Aux termes d'une décision rendue le 4 avril 2023, la chambre criminelle de la Cour de cassation a également confirmé l'arrêt par lequel la cour d'appel de Rennes a condamné les auteurs d'une capture et d'une vente d'une espèce protégée à - notamment - la réparation du préjudice écologique, évaluée sur le fondement des dispositions de l'article L.162-9 du code de l'environnement. On notera que cette évaluation a été notamment opérée en tenant compte du prix de transaction au kilo de l'espèce protégée capturée :

"17. Pour évaluer le montant du préjudice écologique et condamner solidairement M. [H] à payer à ce titre diverses sommes, l'arrêt attaqué, après avoir constaté l'impossibilité d'une réparation en nature, énonce qu'il doit intégrer la disparition de quantités importantes de civelles dont la pêche n'avait pas été autorisée, également l'atteinte à la rigueur scientifique du calcul des quotas de pêche autorisée pour avoir faussé la méthode de calcul des populations de civelles, aussi celle portée aux mesures de protection et de repeuplement mises en œuvre par les associations et la perte temporelle de ressources qui auraient pu être affectées à la pêche ou au repeuplement.

18. Les juges retiennent, d'une part, que le préjudice correspondant à la disparition de la ressource doit être calculé en multipliant le poids de civelles illégalement capturées par le coût de leur transaction au kilo.

19. Ils estiment, d'autre part, que le préjudice d'atteinte aux dispositions de protection de l'espèce et à la juste évaluation de la population de civelles peut être fixé à la somme de 50 000 euros.

20. En se déterminant ainsi, la cour d'appel, tenue d'assurer la réparation intégrale du préjudice écologique dont elle a retenu l'existence et dès lors que M. [H] n'a sollicité aucune expertise et ne s'est prévalu d'aucune autre méthode précise de calcul, n'a fait qu'user de son pouvoir d'apprécier souverainement, dans les limites des conclusions des parties, celle qui lui a paru la plus adaptée pour évaluer l'indemnité propre à le réparer. (..)" (cf. Cour de cassation, crim., 4 avril 2023, n° 22-82.999)
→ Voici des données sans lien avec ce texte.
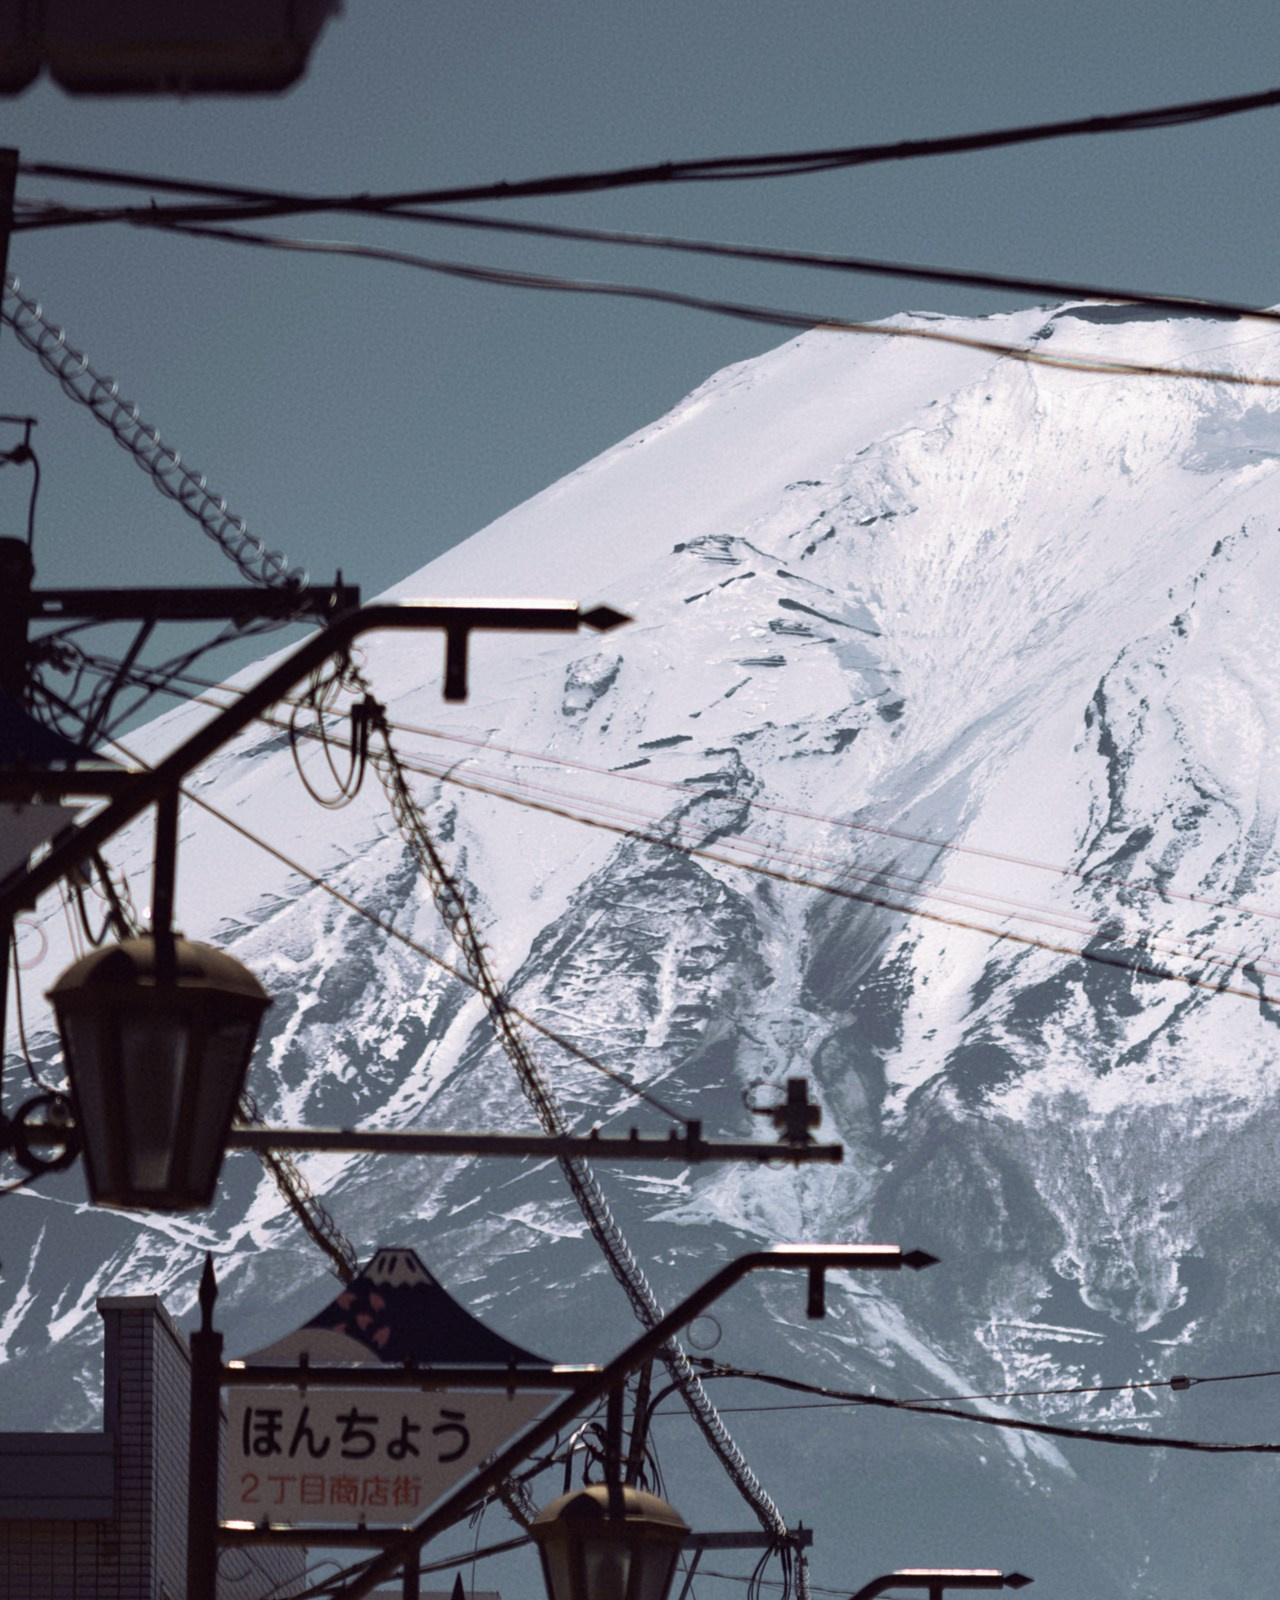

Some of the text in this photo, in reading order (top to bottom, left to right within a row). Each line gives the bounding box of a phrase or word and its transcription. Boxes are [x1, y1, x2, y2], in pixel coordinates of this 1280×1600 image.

[242, 1406, 470, 1463] ほんちょう
[240, 1472, 422, 1507] 2丁目商店街
2. Les conditions de réparation du préjudice écologique

Pour mémoire, l'article 1249 du code civil dispose que la réparation du préjudice écologique s'effectue par priorité en nature. Lorsque cela s'avère impossible, le juge condamne le responsable à verser des dommages et intérêts, affectés à la réparation de l'environnement, au demandeur ou, si celui-ci ne peut prendre les mesures utiles à cette fin, à l'Etat.

Pour identifier les mesures de "réparation de l'environnement", la Cour de cassation s'est fondée sur les dispositions de l'article L.162-9 du code de l'environnement. Cet article distingue trois catégories de mesures de réparation : primaire, complémentaire et, compensatoire. La réparation compensatoire ne peut toutefois pas se traduire par une compensation financière.

Aux termes de la décision ici commentée, la Cour de cassation a, d'une part relevé que la réparation en nature est impossible, d'autre part confirmé que l'évaluation du montant de la réparation du préjudice écologique - exigible lorsqu'une réparation en nature est jugée impossible - ne peut être fonction de la valeur vénale des espèces détruites. Cela, pour deux motifs : ces espèces ne peuvent pas être commercialisées et l'article L.162-9 du code de l'environnement ne prévoit pas une telle estimation financière. Ce faisant, cette jurisprudence de la Cour de cassation devrait, à la suite du choix opéré par le législateur en 2016, rassurer les personnes inquiètes d'une possible "financiarisation de la nature".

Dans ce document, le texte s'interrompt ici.